AWS — Case Study of NASA
What is Cloud Computing?
Cloud computing is the on-demand availability of computer system resources, especially data storage and computing power, without direct active management by the user. The term is generally used to describe data centers available to many users over the Internet .
Who is using cloud computing?
Social Media is the most popular and often overlooked application of cloud computing. Facebook, LinkedIn, Twitter, and many other social networking sites use cloud computing. Social networking sites are designed to find people you already know or would like to know. Almost everyone uses cloud computing to some degree in this day and age. Even if all you use is Gmail you are using Cloud Computing. If you mean for serious business type work then data scientists and IT professionals.

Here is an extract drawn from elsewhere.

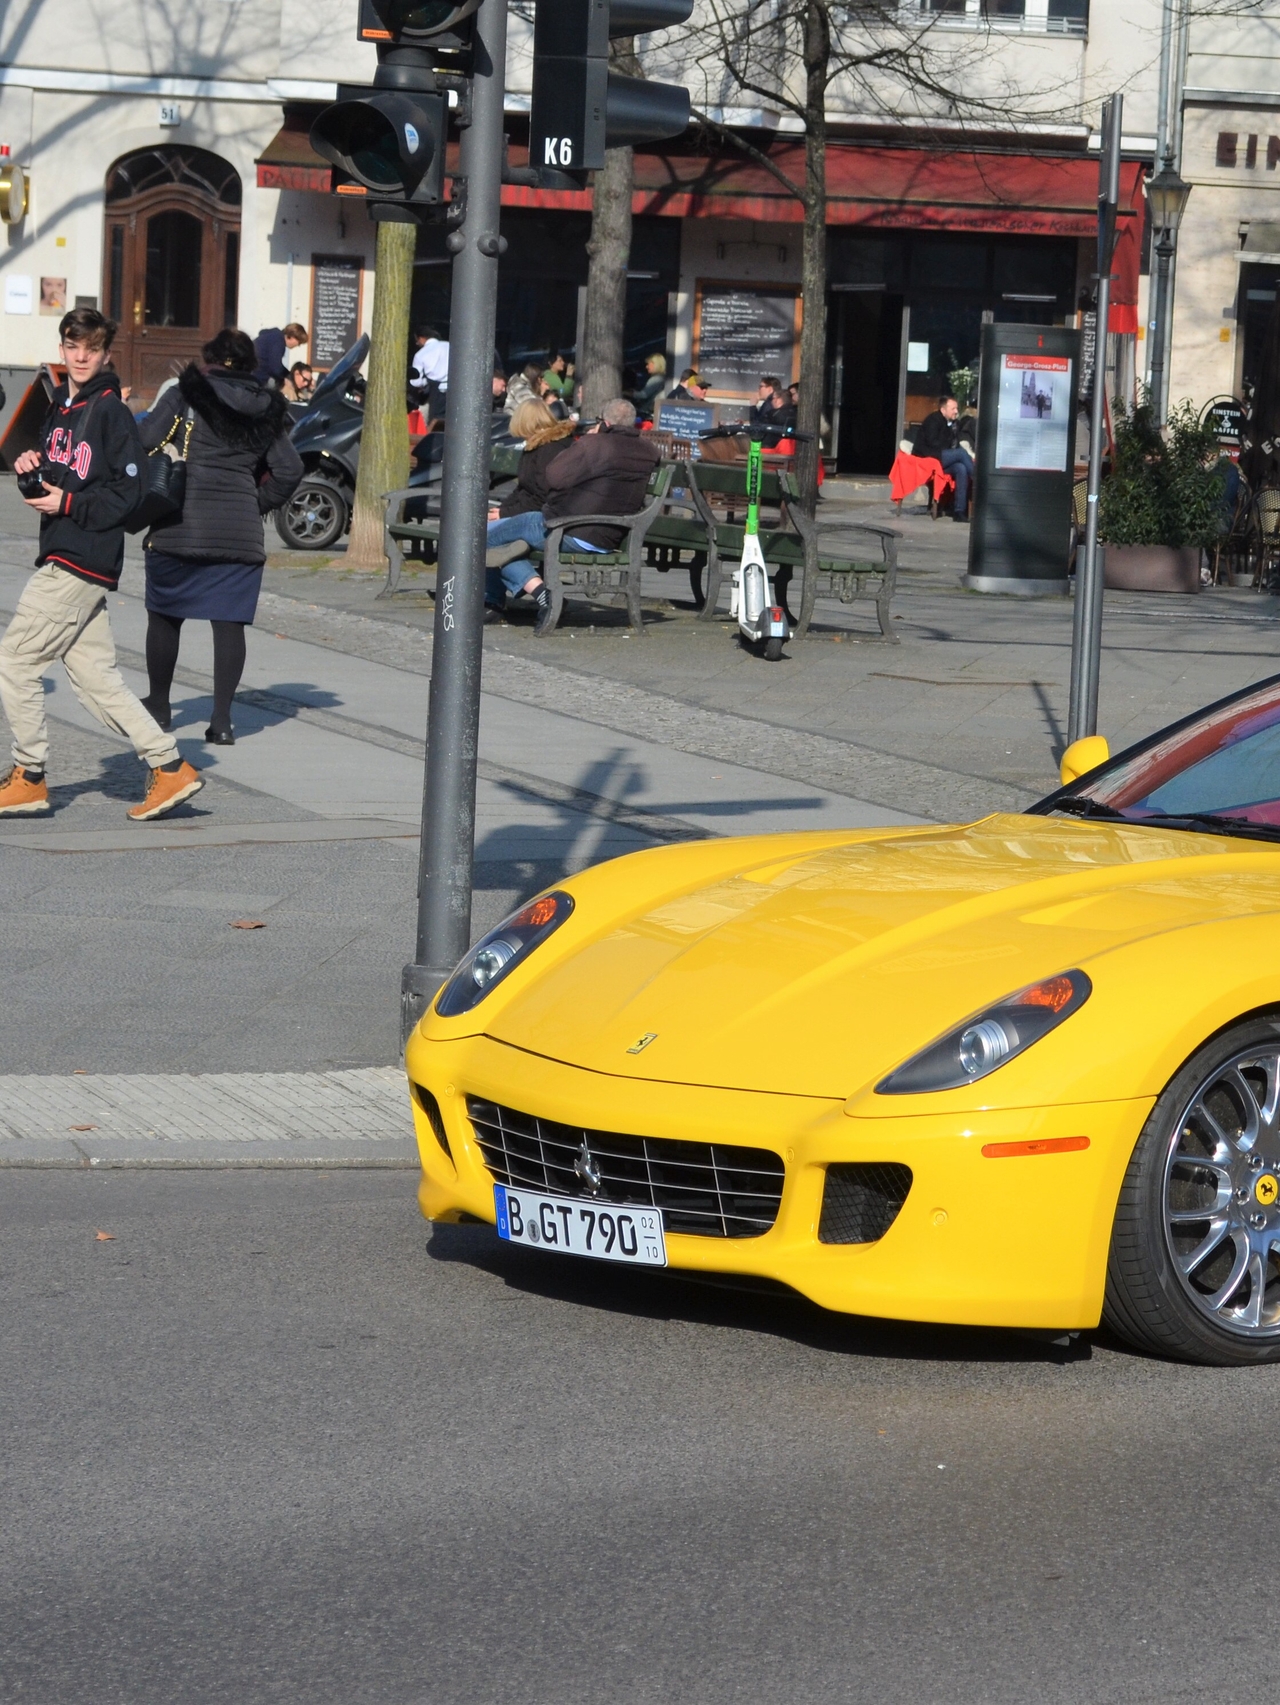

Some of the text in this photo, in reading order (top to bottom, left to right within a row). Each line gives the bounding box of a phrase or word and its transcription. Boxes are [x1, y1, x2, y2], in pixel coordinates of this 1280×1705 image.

Five reasons to use the cloud
- Data protection.
- Regulatory compliance and data residency requirements.
- Scalability and flexibility.
- Cost efficiencies.
What is AWS?
Amazon Web Services (AWS) is the world’s most comprehensive and broadly adopted cloud platform, offering over 175 fully featured services from data centers globally. Millions of customers — including the fastest-growing startups, largest enterprises, and leading government agencies — are using AWS to lower costs, become more agile, and innovate faster.
NASA ( National Aeronautics and Space Administration)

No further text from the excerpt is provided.